Are claims for breach of contract based upon use of content in violation of terms of service preempted by the Copyright Act? Sometimes yes, sometimes no. Courts have really struggled with this question. In many cases, including in the Second Circuit, the outcome turns on whether the breach claim is found to include any “extra elements that make it qualitatively different from a copyright infringement claim.” Briarpatch Ltd., L.P. v. Phoenix Pictures, Inc., 373 F.3d 296 (2d Cir. 2004). For example, a contractual promise to pay has been found to constitute an “extra element” that precludes copyright preemption.

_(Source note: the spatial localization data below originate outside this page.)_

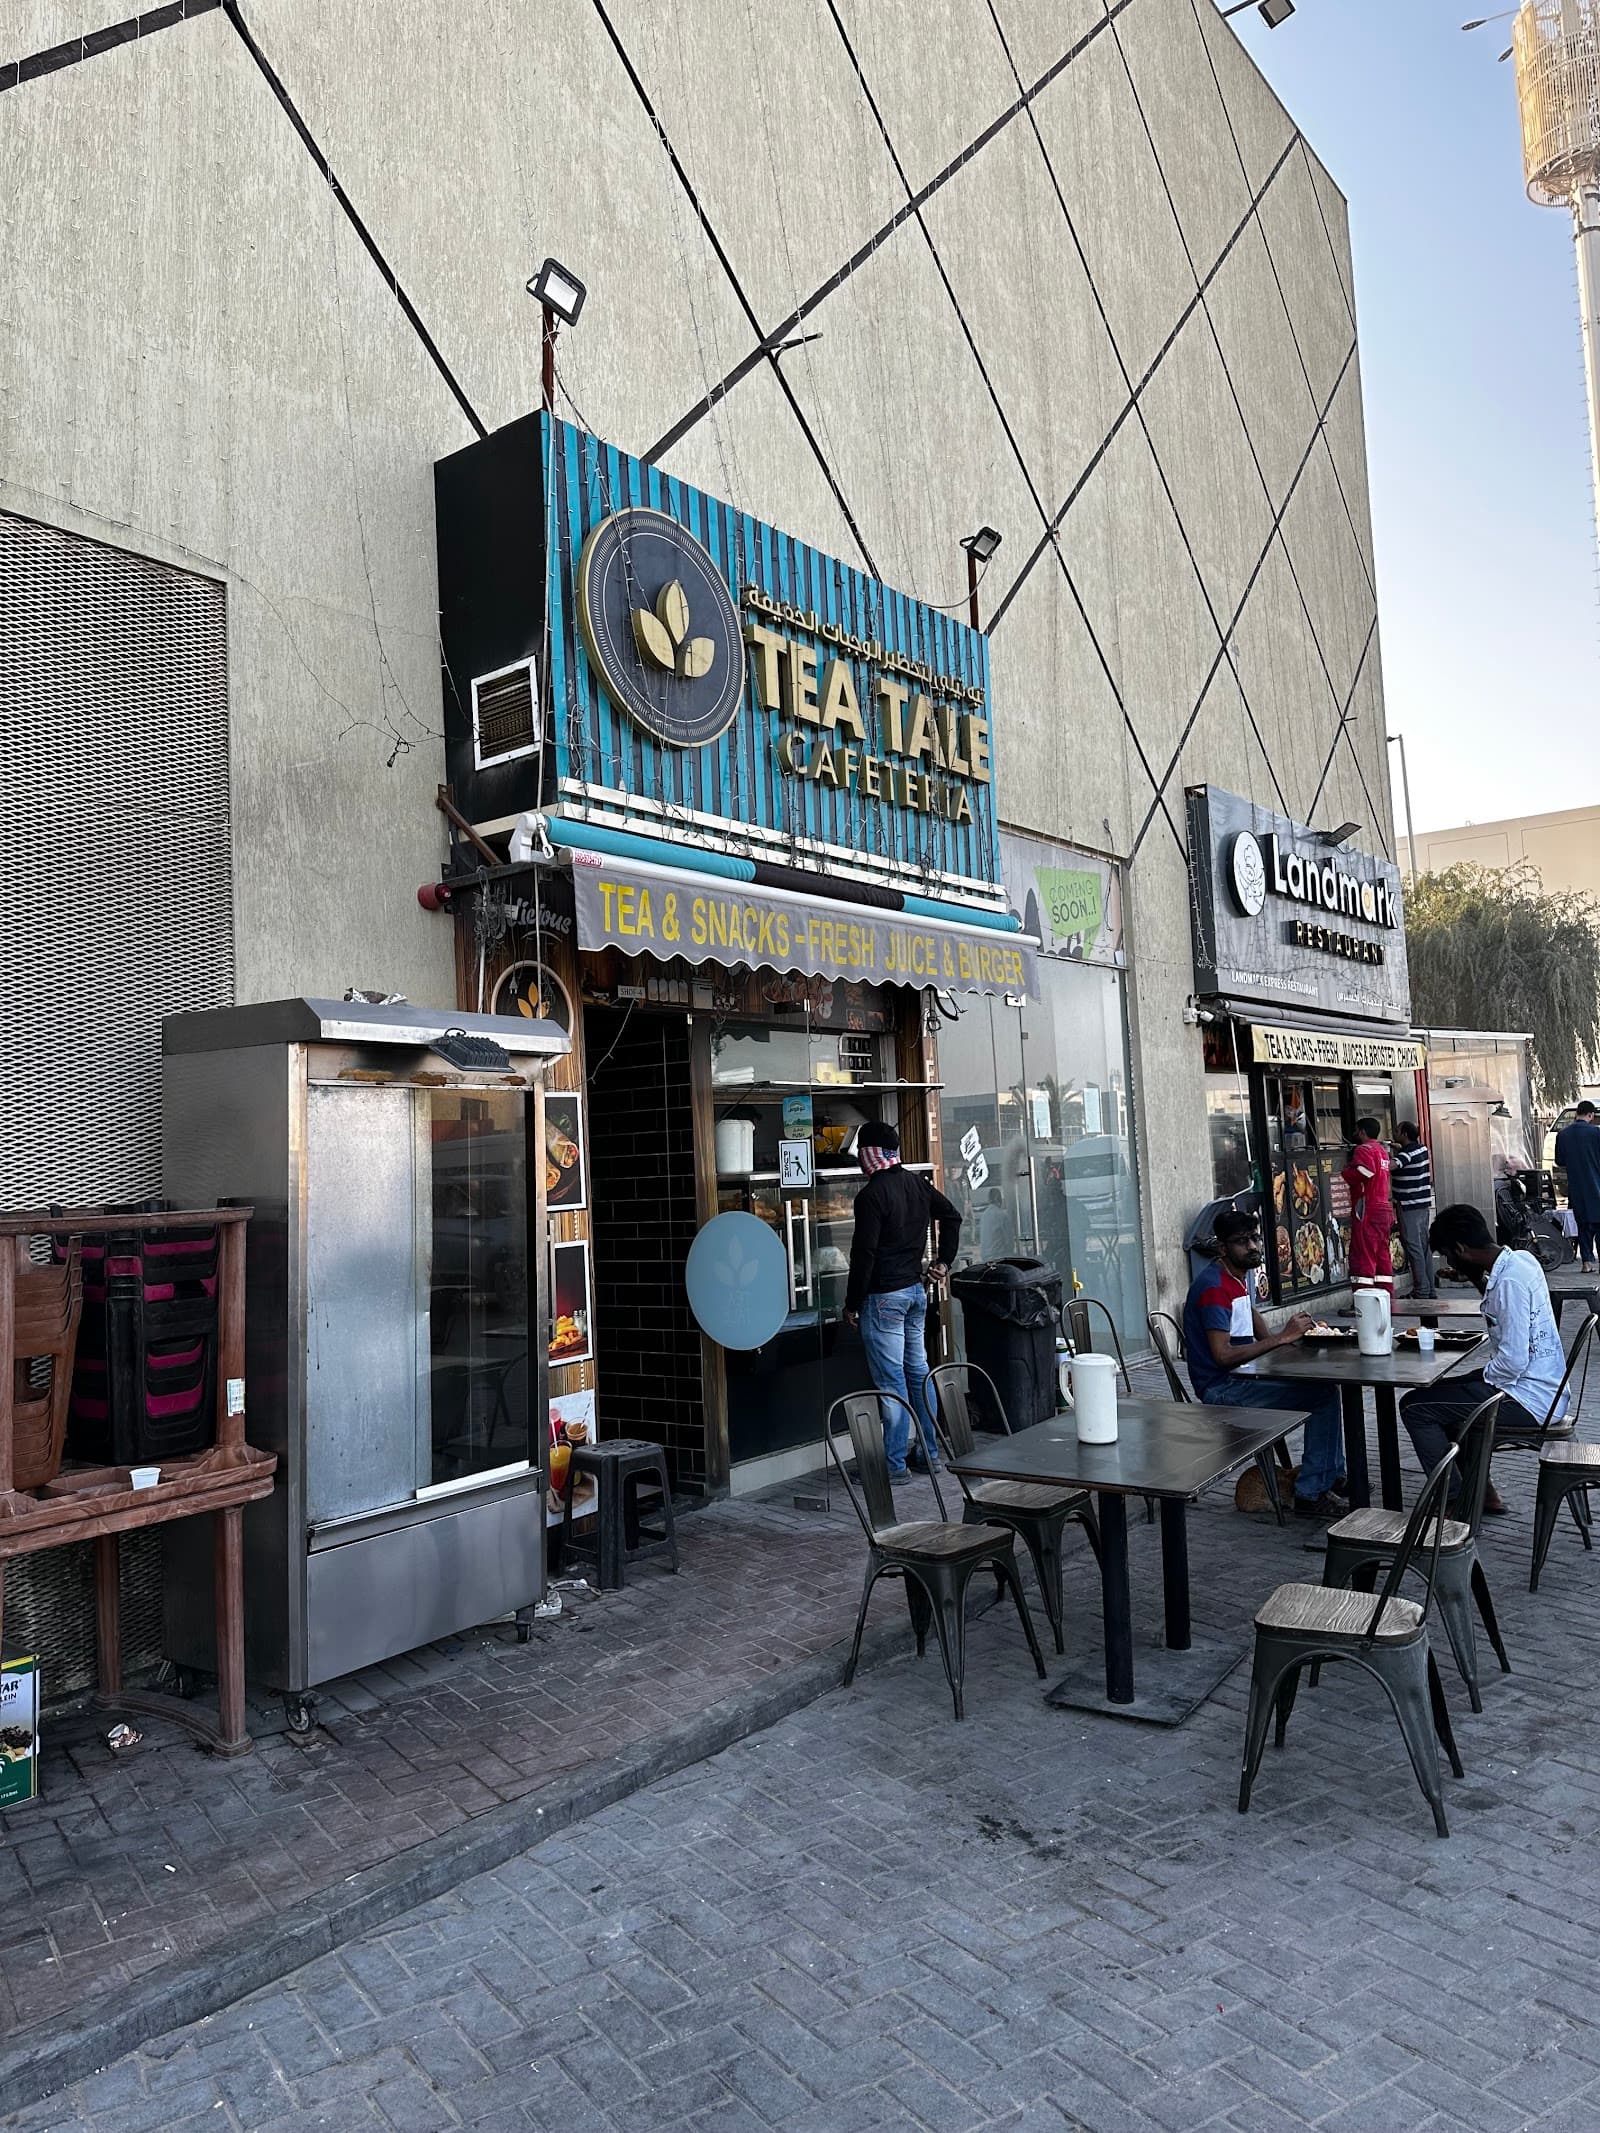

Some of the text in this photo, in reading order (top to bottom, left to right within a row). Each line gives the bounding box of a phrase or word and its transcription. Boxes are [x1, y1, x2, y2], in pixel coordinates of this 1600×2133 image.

[747, 582, 819, 634] الخفيفة
[821, 622, 882, 662] الوجبات
[746, 624, 990, 783] TEA TALE
[779, 730, 973, 824] CAFETERIA
[1049, 879, 1094, 904] COMING
[1266, 832, 1398, 929] Landmark
[598, 882, 655, 938] TEA
[661, 892, 681, 943] &
[884, 931, 938, 976] JUICE
[942, 940, 955, 977] &
[958, 942, 1026, 986] BURGER
[1292, 920, 1385, 965] RESTAURANT
[1264, 976, 1287, 991] EXPRESS
[1287, 980, 1319, 998] RESTAURANT
[1264, 1033, 1284, 1059] TEA
[1282, 1035, 1291, 1060] &
[1342, 1042, 1363, 1066] JUICES
[1363, 1043, 1369, 1066] &
[1368, 1044, 1396, 1068] BROSTED

The Second Circuit found no such “extra element” in ML Genius Holdings LLC v. Google LLC (2d Cir. 2022). In that case, song lyrics website Genius.com sued Google for scraping and displaying its lyrics in search results, allegedly in violation of Genius’ terms of service. Genius did not (and could not) sue for copyright infringement because Genius does not hold the copyright to the lyrics. However, Genius’ terms of service prohibit users from commercially reproducing or distributing any portion of the content posted to Genius. Genius sued Google for breaching these terms, but the Second Circuit held that the claim was preempted, finding the breach claim was not “qualitatively different from a copyright claim.”
Genius petitioned the Supreme Court to review the decision, arguing that “[t]he circuits are intractably split” on the Copyright Act’s preemption of breach-of-contract claims. In response, Google argued that Genius is improperly attempting to use its terms of service to “invent new rights” that are equivalent to, and preempted by, copyright. On December 12, 2022, the Supreme Court invited the U.S. Solicitor General to file a brief sharing it views on the case, signaling a possible grant of certiorari. We blogged about this case here.

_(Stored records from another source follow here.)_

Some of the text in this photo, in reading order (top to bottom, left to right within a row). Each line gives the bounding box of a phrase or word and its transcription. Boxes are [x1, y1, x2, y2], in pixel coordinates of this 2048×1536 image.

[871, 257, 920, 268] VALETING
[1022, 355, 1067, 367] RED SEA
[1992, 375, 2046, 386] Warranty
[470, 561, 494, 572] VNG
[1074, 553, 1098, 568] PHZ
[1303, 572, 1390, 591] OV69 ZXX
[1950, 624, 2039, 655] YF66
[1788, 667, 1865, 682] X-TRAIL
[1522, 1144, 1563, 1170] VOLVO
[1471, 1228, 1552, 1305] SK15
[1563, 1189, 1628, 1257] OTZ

Depending on the outcome of the anticipated fair use defenses, Genius (especially if SCOTUS grants cert) and other copyright preemption cases may play a pivotal role in determining the viability of state law claims arising from the collection and use of publicly available data for AI machine learning.
This is all happening extremely fast. A few years ago, AI-generated works were strictly the domain of cutting-edge artists, academics, and copyright scholars. Suddenly, in the last few months, AI tools have become ubiquitous—not just for experimentation and media hype, but for commercial use, education, and beyond. The law always struggles to keep up with technology, and AI is no exception. When I started drafting this post, I wrote in hypotheticals—i.e., “it is only a matter of time before artists sue one of these tools for copyright infringement.” Mid-post, news of the Stability Diffusion case hit. Then Getty Images announced its lawsuit. Like AI, the questions were no longer academic.

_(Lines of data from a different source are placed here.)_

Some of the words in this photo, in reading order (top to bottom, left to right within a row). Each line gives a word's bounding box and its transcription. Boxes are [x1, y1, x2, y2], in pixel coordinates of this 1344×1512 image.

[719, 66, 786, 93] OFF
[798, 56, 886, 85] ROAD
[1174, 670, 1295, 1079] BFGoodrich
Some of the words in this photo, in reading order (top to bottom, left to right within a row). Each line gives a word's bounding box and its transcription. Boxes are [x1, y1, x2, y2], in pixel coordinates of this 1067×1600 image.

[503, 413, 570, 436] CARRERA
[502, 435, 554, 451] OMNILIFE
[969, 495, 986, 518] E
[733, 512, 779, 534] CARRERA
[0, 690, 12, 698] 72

Given the speed of AI’s development, AI’s never-ending need for “more input,” and the profound impact that AI already has had, and increasingly will have, on the creative industry, I have no doubt that this is just the beginning. While new technology brings a certain level of uncertainty, we are fortunate to have centuries of precedent draw upon to help us navigate the coming onslaught. Hopefully, in establishing the rules of the road for AI content ingestion, policymakers and courts will consider the impact their decisions will have not just on private parties before them, but on society’s overriding interest in “Progress of Science and useful Arts.”
The fundamental question is this: do content creators have the right to authorize or block AI systems from collecting and using their content as training data?